1. Computationally Designing a Soluble GPCR to Tackle the CCR8 Drug Target
The GPCR (G protein-coupled receptor) family is a gold mine. Over a third of all approved drugs target them. But they are also notoriously difficult to work with because they are membrane proteins.
Think of a membrane protein as a greasy rock embedded in a soap bubble (the cell membrane). It naturally wants to stay in an oily environment. If you try to pull it out of the membrane and put it in a water-based solution, it becomes extremely unstable. It curls up like a scared cat, losing its original structure and function. This creates endless problems for subsequent work, like screening antibodies, running biochemical assays, and determining its structure.
This paper tackles that exact problem. The researchers chose a very popular immuno-oncology target: CCR8. CCR8 is highly expressed on tumor-infiltrating regulatory T cells (Tregs), making it an ideal target for eliminating these “traitor” T cells in the tumor microenvironment. All the major pharmaceutical companies are working on it.
How do you turn “water-hating” into “water-loving”?
Instead of using traditional trial-and-error methods, the researchers used computational design to give CCR8 a complete overhaul.
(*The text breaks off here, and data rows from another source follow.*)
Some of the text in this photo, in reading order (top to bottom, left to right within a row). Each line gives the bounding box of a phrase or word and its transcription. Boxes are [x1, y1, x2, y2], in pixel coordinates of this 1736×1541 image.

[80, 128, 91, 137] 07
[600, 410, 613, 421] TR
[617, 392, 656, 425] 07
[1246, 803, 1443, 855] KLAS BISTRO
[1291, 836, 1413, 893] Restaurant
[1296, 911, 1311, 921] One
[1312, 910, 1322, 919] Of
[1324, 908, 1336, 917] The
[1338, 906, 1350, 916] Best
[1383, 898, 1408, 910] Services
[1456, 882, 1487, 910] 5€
Here’s their approach: 1. Preserve the core functional region: First, they defined their goal. They didn’t need the engineered protein to still send signals. They just needed it to be recognized by a specific antibody (mAb1). This meant they only had to preserve the correct conformation of the key antibody-binding surface (the epitope). 2. Replace everything else: For the rest of the protein, especially the “greasy” parts buried deep in the cell membrane, they used AI models like ProteinMPNN. This model’s job is to swap out hydrophobic amino acids for hydrophilic ones on a large scale. 3. Ensure structural stability: Of course, you can’t just swap them randomly. An AI structure prediction model like AlphaFold supervised the entire process to ensure the new amino acid sequence would still fold into the desired 3D shape, not just a useless lump.
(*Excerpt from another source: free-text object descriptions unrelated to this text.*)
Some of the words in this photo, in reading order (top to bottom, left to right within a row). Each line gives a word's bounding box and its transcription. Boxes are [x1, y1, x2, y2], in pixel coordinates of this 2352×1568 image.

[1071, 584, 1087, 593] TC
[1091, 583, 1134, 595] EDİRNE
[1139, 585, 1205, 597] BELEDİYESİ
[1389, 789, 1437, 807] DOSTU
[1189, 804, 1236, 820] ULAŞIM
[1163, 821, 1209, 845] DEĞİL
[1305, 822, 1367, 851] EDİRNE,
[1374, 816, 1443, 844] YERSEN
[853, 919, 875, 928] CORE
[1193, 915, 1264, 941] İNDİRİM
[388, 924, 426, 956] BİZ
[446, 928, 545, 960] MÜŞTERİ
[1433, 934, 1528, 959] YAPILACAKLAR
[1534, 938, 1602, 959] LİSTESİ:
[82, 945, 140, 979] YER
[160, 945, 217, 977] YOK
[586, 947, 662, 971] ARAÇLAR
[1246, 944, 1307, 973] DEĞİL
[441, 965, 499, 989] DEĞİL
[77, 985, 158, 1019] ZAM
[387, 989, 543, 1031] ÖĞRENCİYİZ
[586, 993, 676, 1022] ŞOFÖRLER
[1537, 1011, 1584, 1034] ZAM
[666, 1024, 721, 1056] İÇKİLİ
It’s like copying a key for a specific lock. We don’t need to use the exact same metal as the original. We just need to make sure the key’s “teeth” have the right shape and arrangement. For the rest of it, we can use a more stable, easier-to-work-with material.
What were the results?
They designed and successfully expressed 13 water-soluble analogs of CCR8. The amino acid sequences of these new proteins had only 10-13% similarity to the natural CCR8. That basically makes them entirely new proteins.
But even this “unrecognizable” protein worked. Surface Plasmon Resonance (SPR) tests showed its binding affinity to the target antibody mAb1 (KD values between 77-857 nM) was on the same level as the wild-type CCR8 (KD value of ~190 nM). This proved that the “key’s teeth” were perfectly preserved.
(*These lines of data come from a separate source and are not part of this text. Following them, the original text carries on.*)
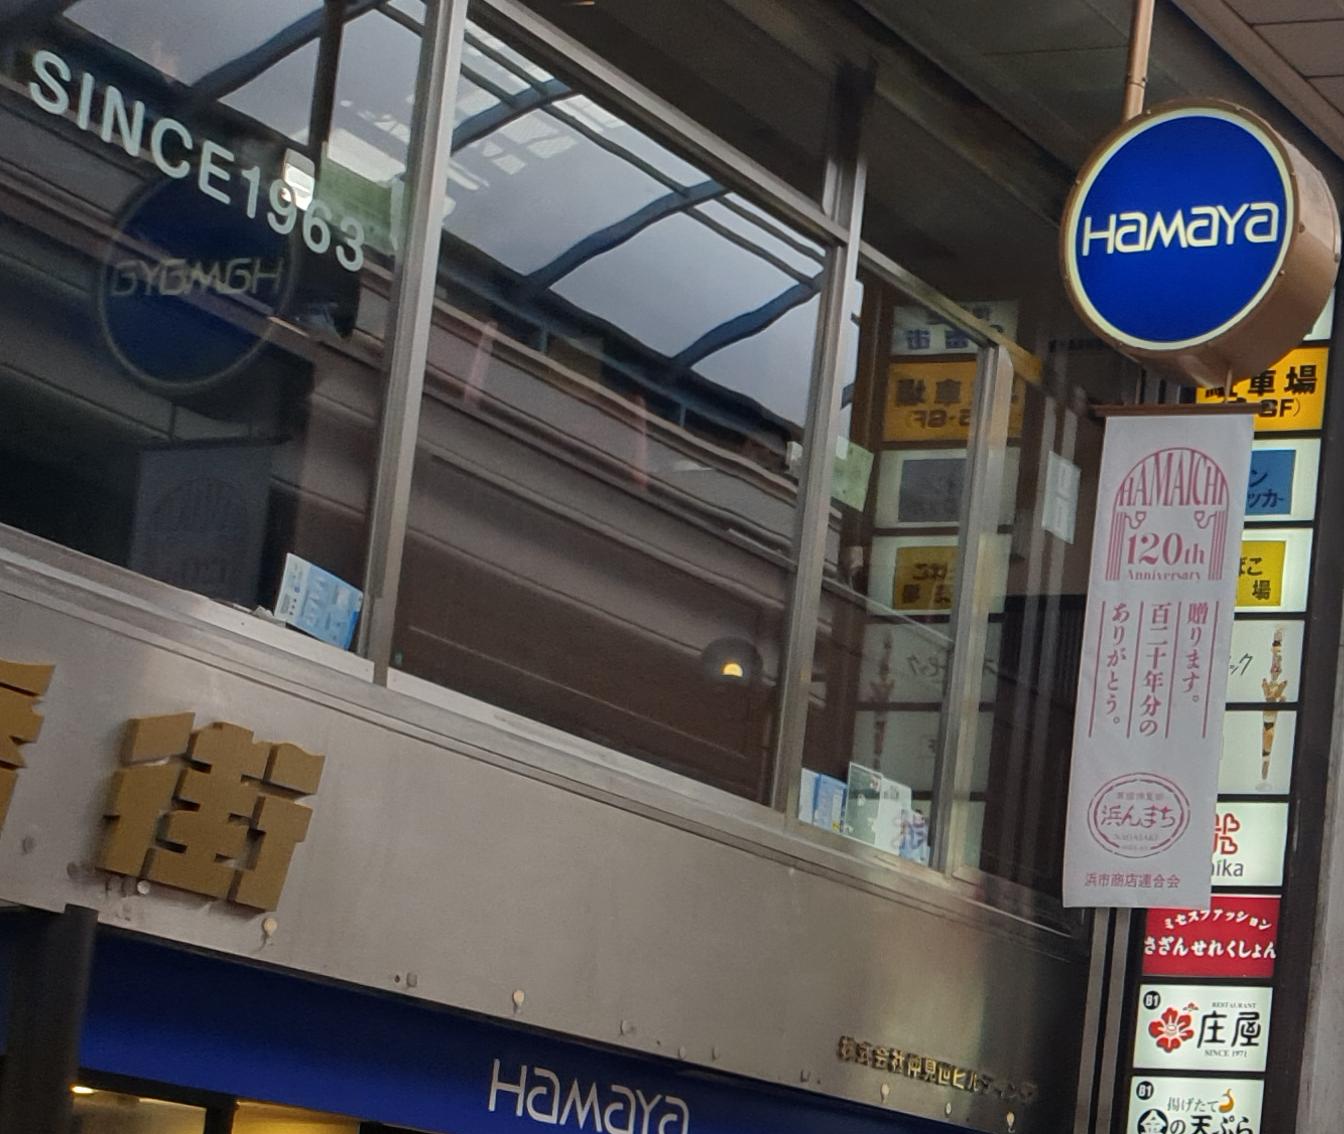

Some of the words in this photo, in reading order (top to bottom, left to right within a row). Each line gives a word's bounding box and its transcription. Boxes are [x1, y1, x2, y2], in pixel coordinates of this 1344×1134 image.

[1118, 452, 1228, 507] HAMAICHI
[1127, 533, 1206, 565] 120th
[1128, 569, 1202, 581] Anniversary
[1106, 602, 1130, 724] ありがとう。
[1139, 602, 1172, 737] 百二十年分の
[1182, 602, 1209, 703] 贈ります。
[1144, 936, 1277, 959] さざんせれくしょん
[1197, 1010, 1261, 1048] 庄屋
More importantly, these proteins could be produced at yields of over 70 mg/L. This is a very practical number. It means we can easily get enough stable protein for all kinds of downstream applications.
📜Paper: https://www.biorxiv.org/content/10.1101/2025.08.18.670068v1
2. The SEAL Model: Making GNN Molecular Predictions Less of a Black Box
These days, almost every project has a few AI models running. Graph Neural Networks (GNNs) have become popular for predicting molecular properties because they can directly process a molecule’s graph structure.
But we’ve all been in this awkward situation:
In a project meeting, a computational chemist presents a molecule predicted by a model to be highly active. As a medicinal chemist, you’d ask, “Why? Which part of the molecule is responsible? Where should I optimize next?” The computational chemist often just shrugs and says, “That’s what the model says.”
This is the biggest problem with GNNs—they are a black box.
They can give you an answer, but they usually can’t give you a convincing reason. For those of us who need to make critical decisions like “which molecule should we synthesize next,” this is of limited help.
The SEAL model introduced in this paper was created for model explainability.
How does SEAL work?
Many past explainability methods try to “guess” which atom or bond was most important using post-hoc attribution methods after the model has already made its prediction. These methods can sometimes produce counter-intuitive results.
SEAL’s approach is different. It was designed for explainability from the very beginning.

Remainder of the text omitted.